Dr. Seuss wrote one screenplay in his long career as a writer: the cracked, magical, cult classic 1953 children's movie The 5,000 Fingers of Dr. T. It was a flop on release, and Dr. Seuss reportedly hated it, but it's actually a wonderfully weird, funny, charming musical, and everything I wish Where the Wild Things Are could have been.
The movie is about a boy, Bart Collins, whose single mother forces him to take piano lessons from the domineering Dr. Terwilliker. Most of the movie is set Bart's daydreams about a horrible Dr. Terwilliker-ruled prison camp for boy pianists, with his mother as Terwilliker's second-in-command and future wife. Dr. T's diabolical plan? Assembling 500 boys, with their 5,000 fingers, to play simultaneously at a gigantic two-story piano he built. Despite Seuss's dissatisfaction, the movie bears his stamp in every frame. The daydream sets bear the look of his illustrations, despite a low budget, and the book and lyrics both share his delight in mischievous wordplay. (The boy's name, Bart Collins, is of course reminiscent of Bartholomew Cubbins, titular protagonist of two prose works by Dr. Seuss, written in 1938 and 1949.)

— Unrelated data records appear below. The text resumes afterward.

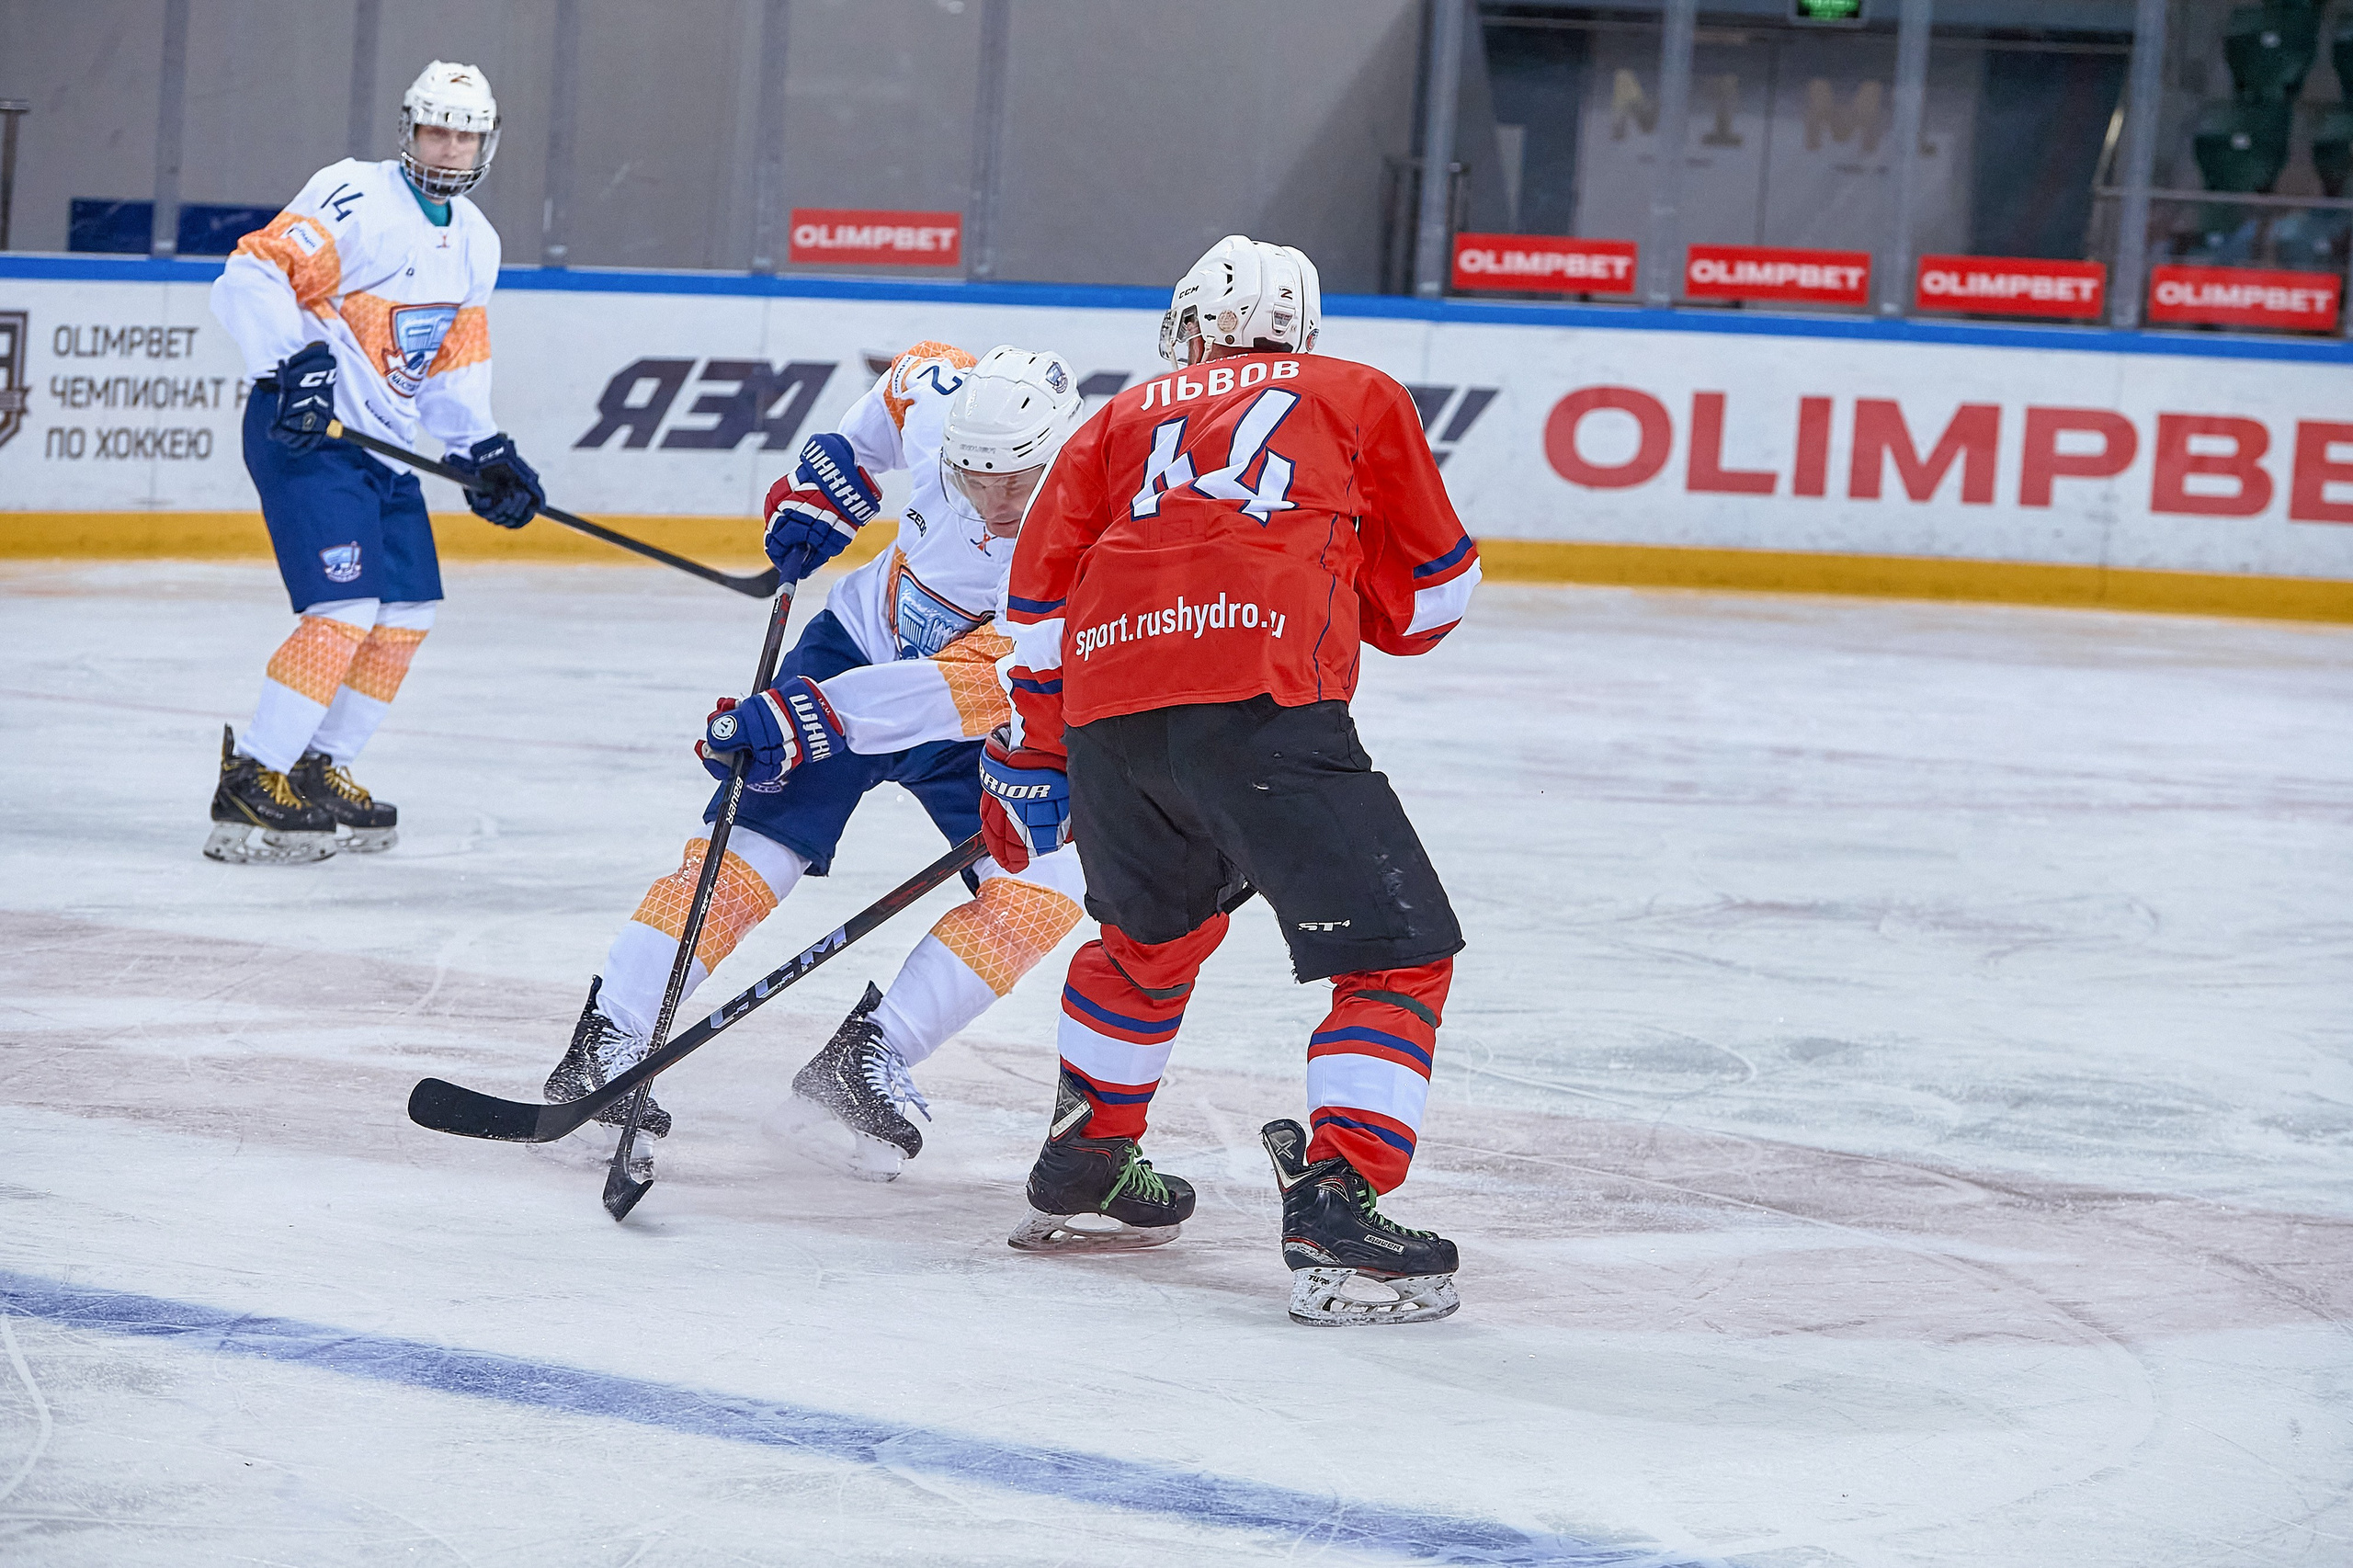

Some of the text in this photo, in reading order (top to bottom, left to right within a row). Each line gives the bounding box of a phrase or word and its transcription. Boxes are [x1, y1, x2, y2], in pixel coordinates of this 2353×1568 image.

[320, 183, 364, 222] 14
[793, 223, 957, 251] OLIMPBET
[1459, 249, 1632, 279] OLIMPBET
[1691, 259, 1865, 290] OLIMPBET
[1178, 285, 1199, 300] CCM
[1923, 271, 2098, 302] OLIMPBET
[2156, 282, 2334, 313] OLIMPBET
[52, 324, 199, 358] OLIMPBET
[50, 375, 226, 409] ЧЕМПИОНАТ
[1140, 360, 1302, 412] ЛЬВОВ
[46, 426, 213, 460] ПО ХОККЕЮ
[1544, 385, 2353, 525] OLIMPBE
[801, 439, 879, 526] WARRIO
[1075, 592, 1286, 661] sport.rushydro.u

I was inspired to check the movie out by a feature in The Onion A.V. Club about one of the film's loveliest setpieces, a shadowboxing dance between the evil Dr. T and the heroic plumber August Zabladowski, in which the two fight to a draw by making menacing expressions and pointing their fingers at one another. Dr. T is played by Hans Conried, who is perhaps best known as the voice of Snidely Whiplash, and he plays his role exactly like a cartoon villain, with contorted face, overarticulated diction and rrrrrrolled r's. Zabladowski is the straight man, and all he has to do is act normal, without being too surprised by all the absurdity around him. He later has a touching scene with Bart, who wants him for a father, as they pantomime going on a fishing trip. They watch another fantastic setpiece of a performance by all the musicians Dr. T has thrown into his dungeons, unfortunate souls who play instruments other than the piano.
As with most movies of its type, not all the songs are memorable, and the cute young boy who plays the protagonist is a bit blank as an actor. The low-budget sets are evocative, but not nearly as rich as Dr. Seuss's wonderful illustrations. And Conried pitches his performance to the rafters, so those who prefer subtle villains will find it a bit much. But these are trifles. It entirely succeeds on its own bizarre terms.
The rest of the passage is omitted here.